▶ DATASET ENTRIES:

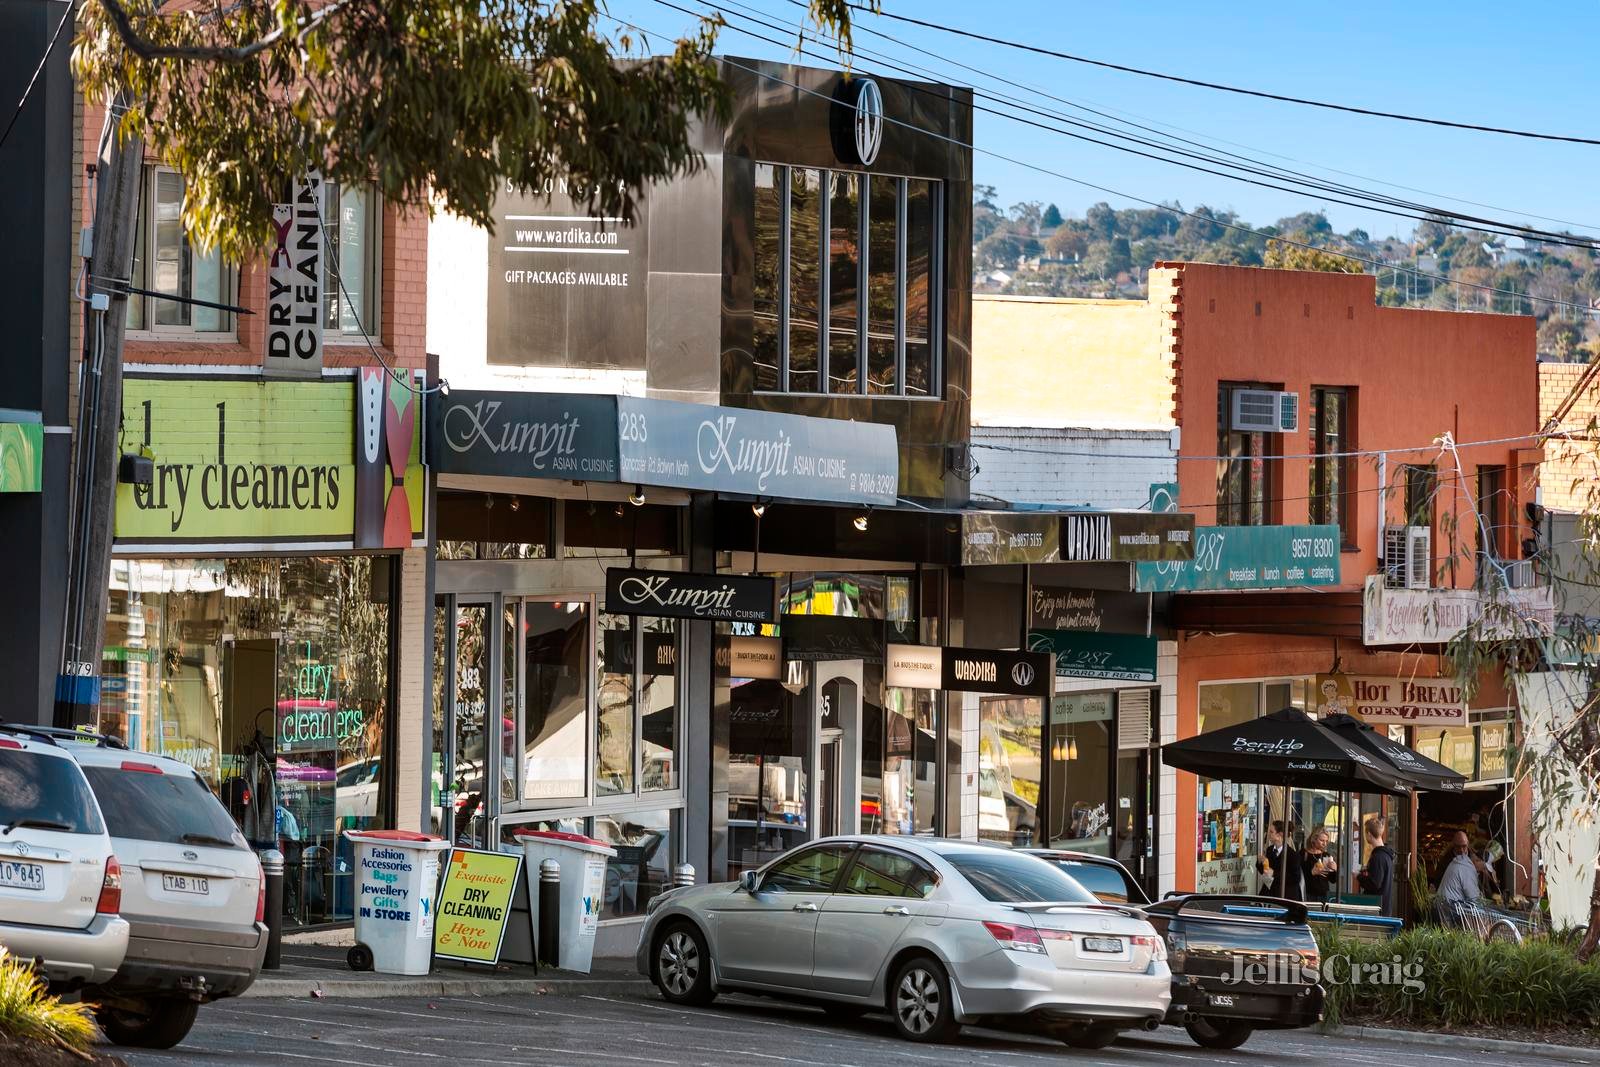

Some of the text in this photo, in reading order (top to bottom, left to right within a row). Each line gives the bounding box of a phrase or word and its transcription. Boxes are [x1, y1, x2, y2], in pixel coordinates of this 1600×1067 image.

[515, 228, 618, 245] www.wardika.com
[505, 270, 628, 286] GIFT PACKAGES AVAILABLE
[269, 276, 292, 358] DRY
[443, 399, 581, 470] Kunyit
[620, 412, 648, 443] 283
[201, 401, 340, 511] cleaners
[696, 413, 792, 492] Kunyit
[552, 457, 615, 473] ASIAN CUISINE
[792, 455, 846, 479] ASIAN CUISINE
[1067, 515, 1112, 561] WARDIKA
[1193, 531, 1226, 573] 287
[1292, 537, 1334, 559] 9857 8300
[1229, 565, 1335, 582] breakfast lunch coffee catering
[619, 575, 737, 616] Kunyit
[707, 608, 766, 619] ASIAN CUISINE
[1075, 650, 1113, 665] 287
[299, 640, 333, 706] dry
[954, 659, 997, 683] WARDIKA
[1096, 671, 1108, 679] AT
[1112, 672, 1141, 680] REAR
[1355, 680, 1462, 704] HOT BREAD
[282, 687, 364, 743] cleaners
[1361, 705, 1458, 719] OPEN 7 DAYS
[1232, 737, 1304, 750] Beraldo
[1482, 728, 1503, 751] Quality
[1287, 761, 1316, 771] Beraldo
[1482, 752, 1505, 772] Service
[371, 847, 405, 860] Fashion
[361, 857, 413, 872] Accessories
[21, 866, 41, 884] 845
[373, 870, 398, 884] Bags
[455, 871, 507, 885] Exquisite
[361, 883, 409, 899] Jewellery
[463, 887, 490, 903] DRY
[373, 896, 400, 909] Gifts
[443, 901, 502, 921] CLEANING
[360, 907, 411, 921] IN STORE
[450, 922, 486, 937] Here
[440, 933, 491, 950] & Now

▶ TRY IT: The listing above must be repeated exactly. Its pictures are not part of the copy.

▶ RESPONSE FOR THIS EXERCISE:
Some of the text in this photo, in reading order (top to bottom, left to right within a row). Each line gives the bounding box of a phrase or word and its transcription. Boxes are [x1, y1, x2, y2], in pixel coordinates of this 1600×1067 image.

[515, 228, 618, 245] www.wardika.com
[505, 270, 628, 286] GIFT PACKAGES AVAILABLE
[269, 276, 292, 358] DRY
[443, 399, 581, 470] Kunyit
[620, 412, 648, 443] 283
[201, 401, 340, 511] cleaners
[696, 413, 792, 492] Kunyit
[552, 457, 615, 473] ASIAN CUISINE
[792, 455, 846, 479] ASIAN CUISINE
[1067, 515, 1112, 561] WARDIKA
[1193, 531, 1226, 573] 287
[1292, 537, 1334, 559] 9857 8300
[1229, 565, 1335, 582] breakfast lunch coffee catering
[619, 575, 737, 616] Kunyit
[707, 608, 766, 619] ASIAN CUISINE
[1075, 650, 1113, 665] 287
[299, 640, 333, 706] dry
[954, 659, 997, 683] WARDIKA
[1096, 671, 1108, 679] AT
[1112, 672, 1141, 680] REAR
[1355, 680, 1462, 704] HOT BREAD
[282, 687, 364, 743] cleaners
[1361, 705, 1458, 719] OPEN 7 DAYS
[1232, 737, 1304, 750] Beraldo
[1482, 728, 1503, 751] Quality
[1287, 761, 1316, 771] Beraldo
[1482, 752, 1505, 772] Service
[371, 847, 405, 860] Fashion
[361, 857, 413, 872] Accessories
[21, 866, 41, 884] 845
[373, 870, 398, 884] Bags
[455, 871, 507, 885] Exquisite
[361, 883, 409, 899] Jewellery
[463, 887, 490, 903] DRY
[373, 896, 400, 909] Gifts
[443, 901, 502, 921] CLEANING
[360, 907, 411, 921] IN STORE
[450, 922, 486, 937] Here
[440, 933, 491, 950] & Now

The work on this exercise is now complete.